2. Otter database active/standby switchover is not open source. According to the PXC architecture of the company’s mainstream mysql, we customized and implemented the active/standby switchover function of the database.
In OTter S phase, 10000 pieces of data are pulled by default. In DDL operation of large table, the network card will be full and cause failure. We dynamically adjust the pull setting according to the change of the number of pull pieces.
V. Summary and future planning
Through the above scheme, the expected goal is successfully achieved, and the full-link monitoring and full-link high availability of the data synchronization platform are realized. In addition, the read/write performance of the ES cluster has changed in magnitude. The 7.x query time of domestic ticket ES5. x migration has decreased from 68ms to 21ms (figure 1), and the write time has decreased from 34ms to 6ms (figure 2) :
After the system was put online, several online problems occurred during daily maintenance, and the high availability of the system was tested:
1. The physical machine in the old ES cluster of the work order is faulty
On June 4, the system reported an alarm indicating that the number of work order index exceptions written by the platform in the data increased. After querying the exception log, it was found that the ES IP connection failed. After consulting the NOC, it was found that the machine oversecurity broke down.
2. The kafka disk is full, causing synchronization failure
The system gave an alarm and found that the single index synchronization was abnormal. After investigation, it was found that the disk of a certain machine in Kafka was full, which led to the synchronization exception.
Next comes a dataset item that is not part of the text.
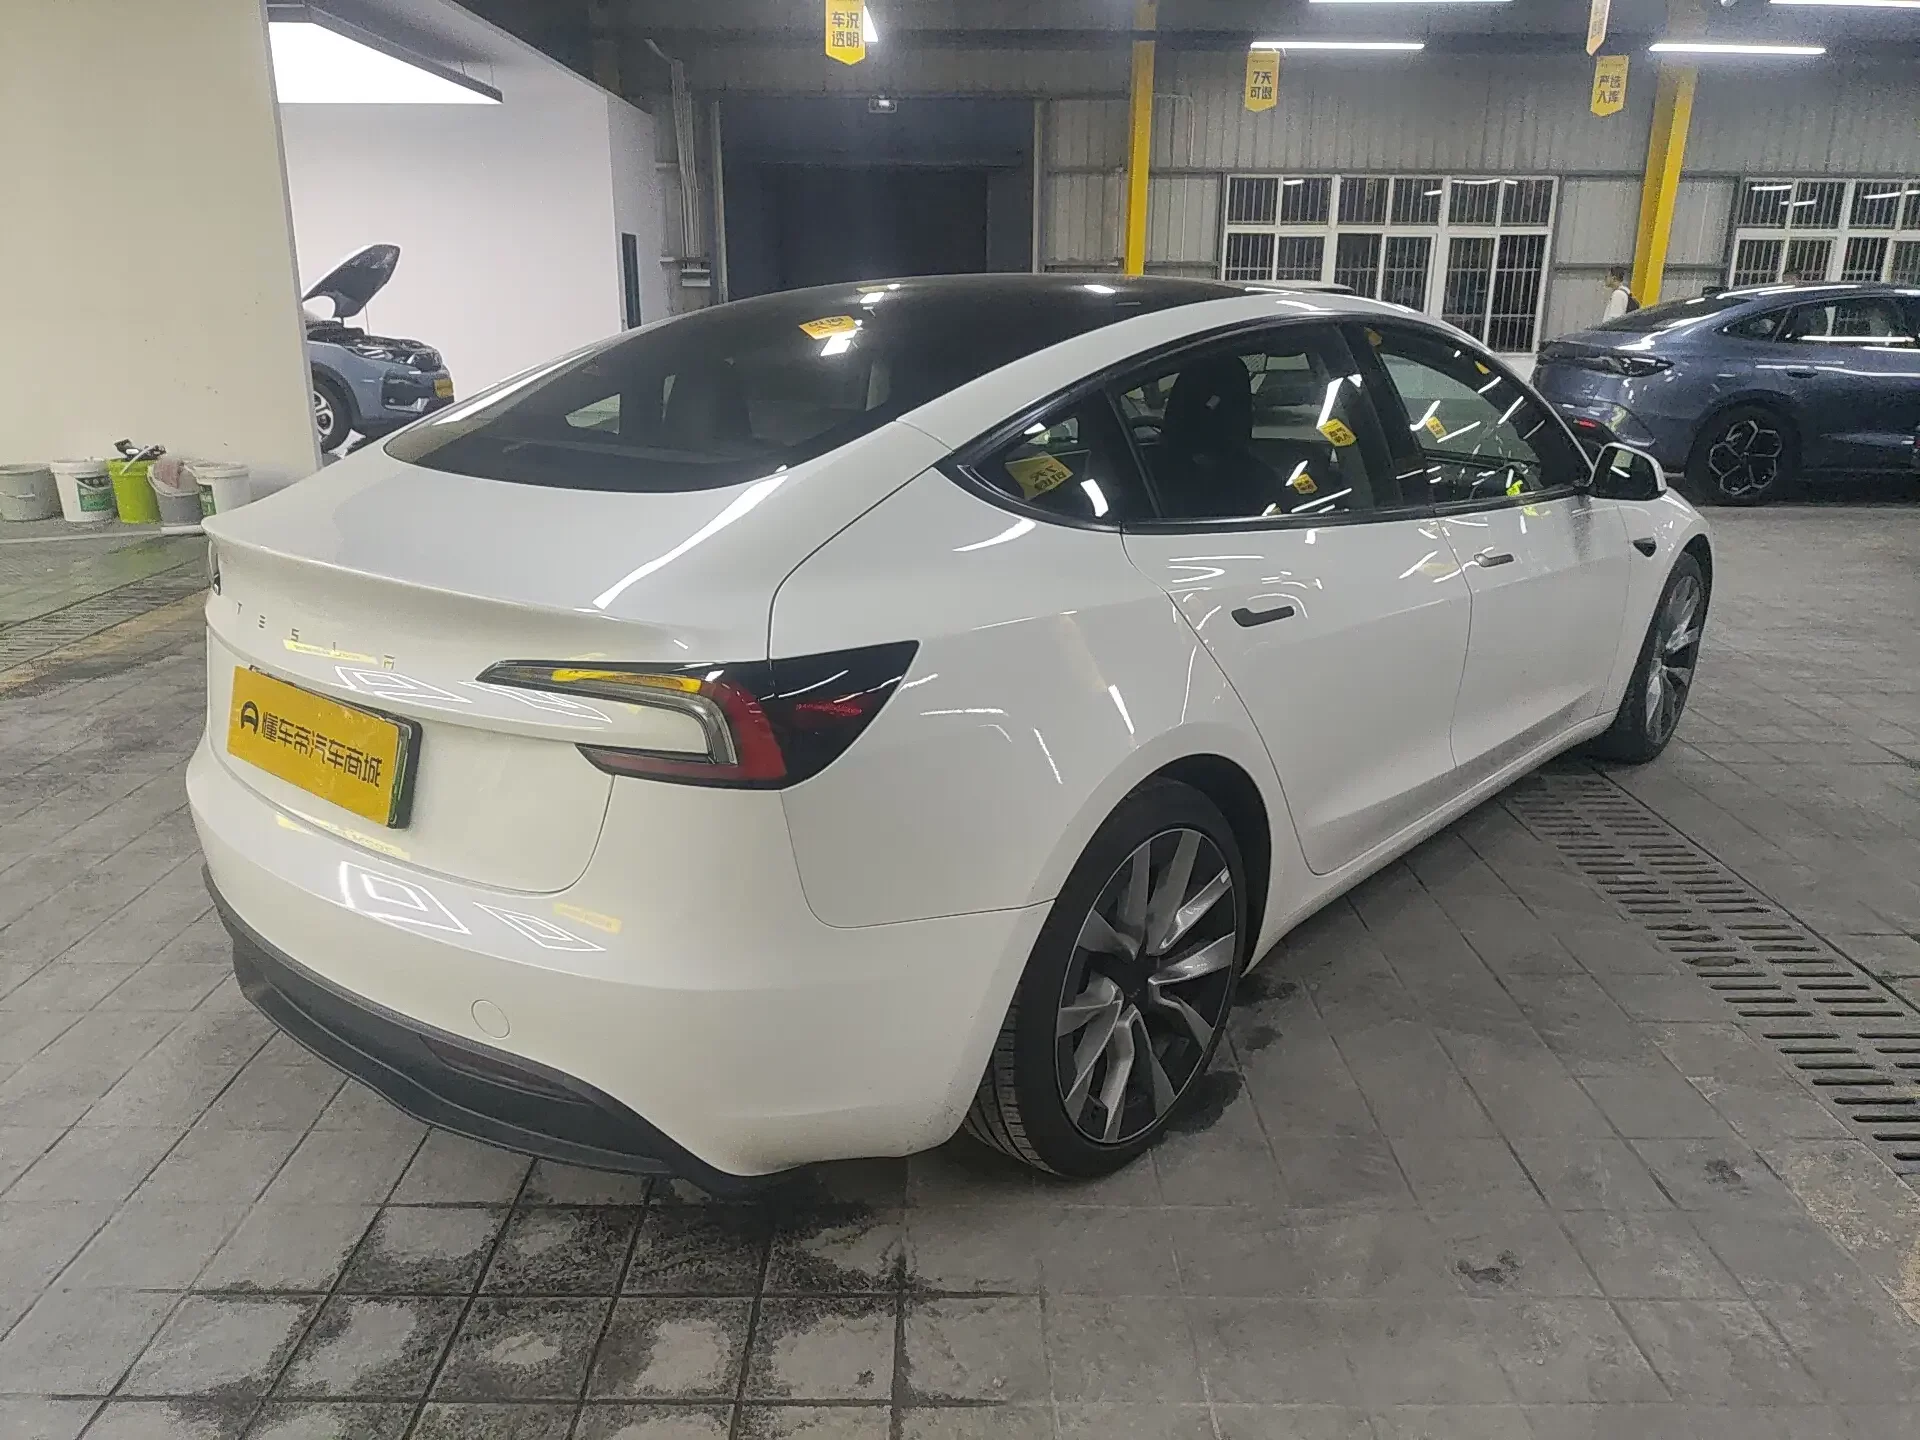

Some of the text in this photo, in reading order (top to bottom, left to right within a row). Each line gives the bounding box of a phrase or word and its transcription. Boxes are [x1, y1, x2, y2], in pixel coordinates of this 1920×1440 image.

[832, 11, 859, 28] 车况
[832, 31, 860, 48] 透明
[1253, 71, 1272, 84] 7天
[262, 712, 382, 787] 懂车帝汽车商城
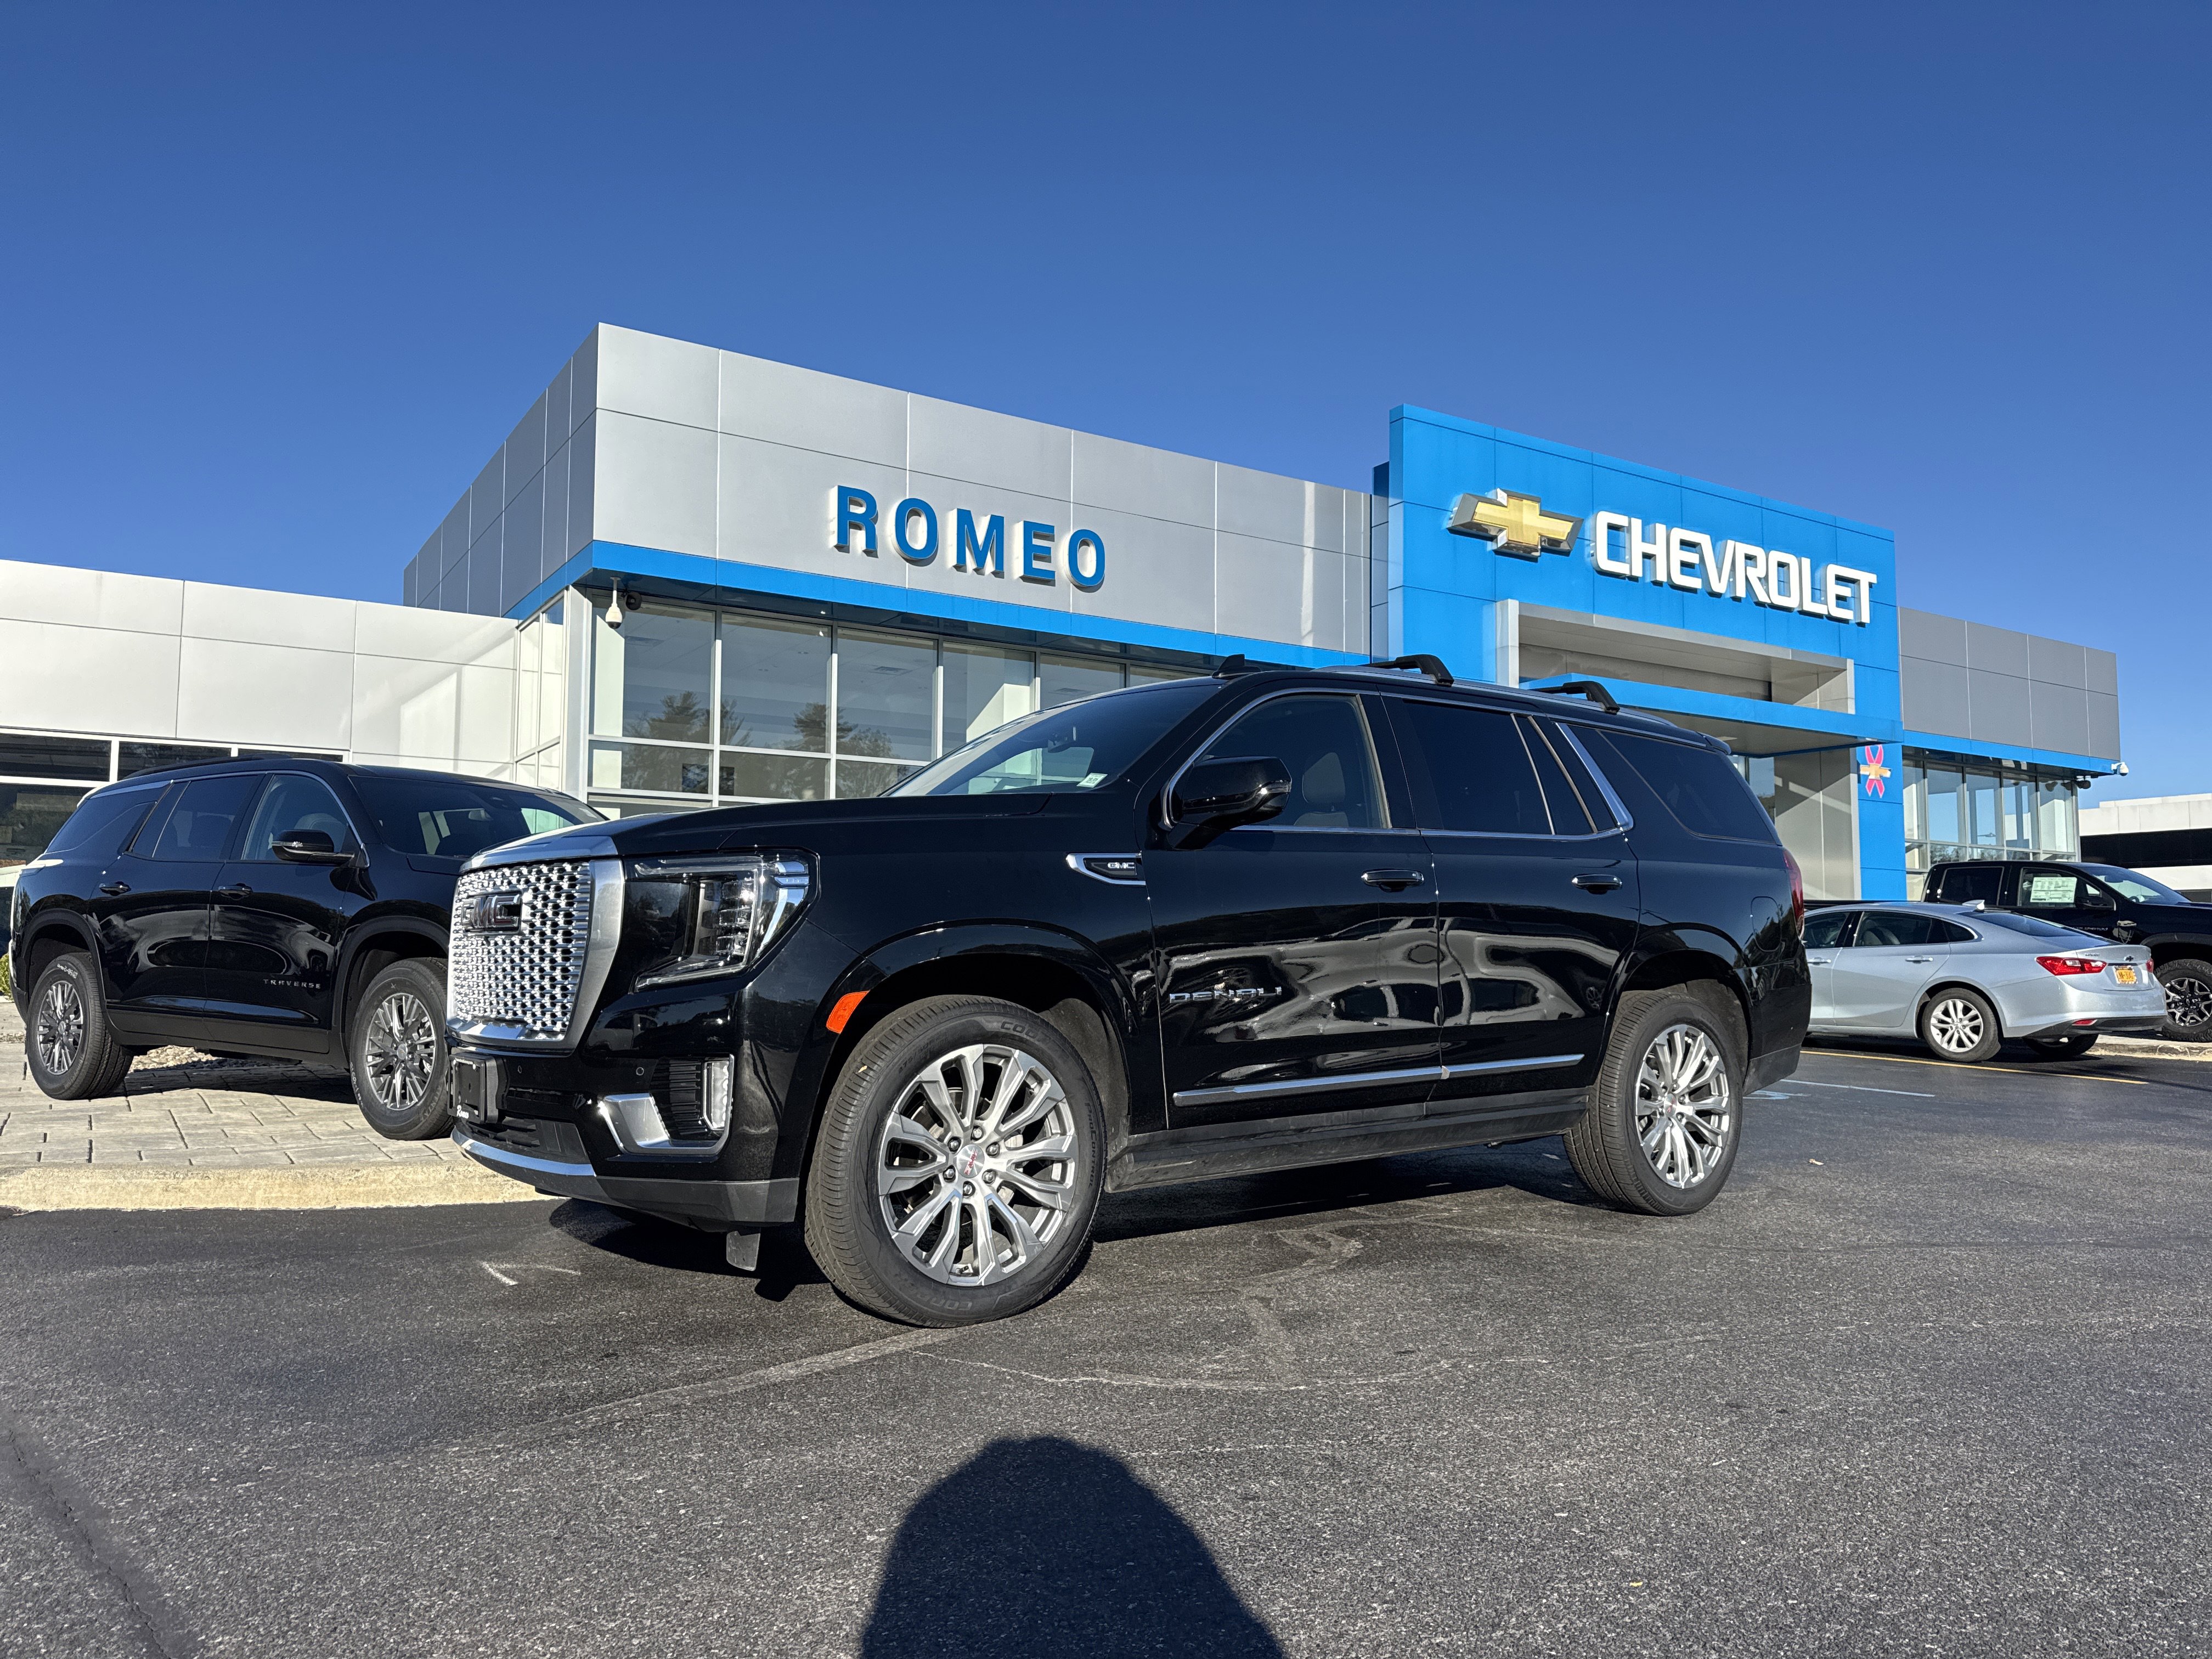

After the disk problem was solved, the data was compensated and restored in the form of canal moving points.
The data synchronization platform implements the high availability solution in the synchronization link. However, in some scenarios, exceptions need to be manually detected. With the access of more lines of business, higher requirements are put forward for our availability, ease of use, scalability and low-cost access. Future planning focuses on DTS data aggregation configuration and automatic fault migration.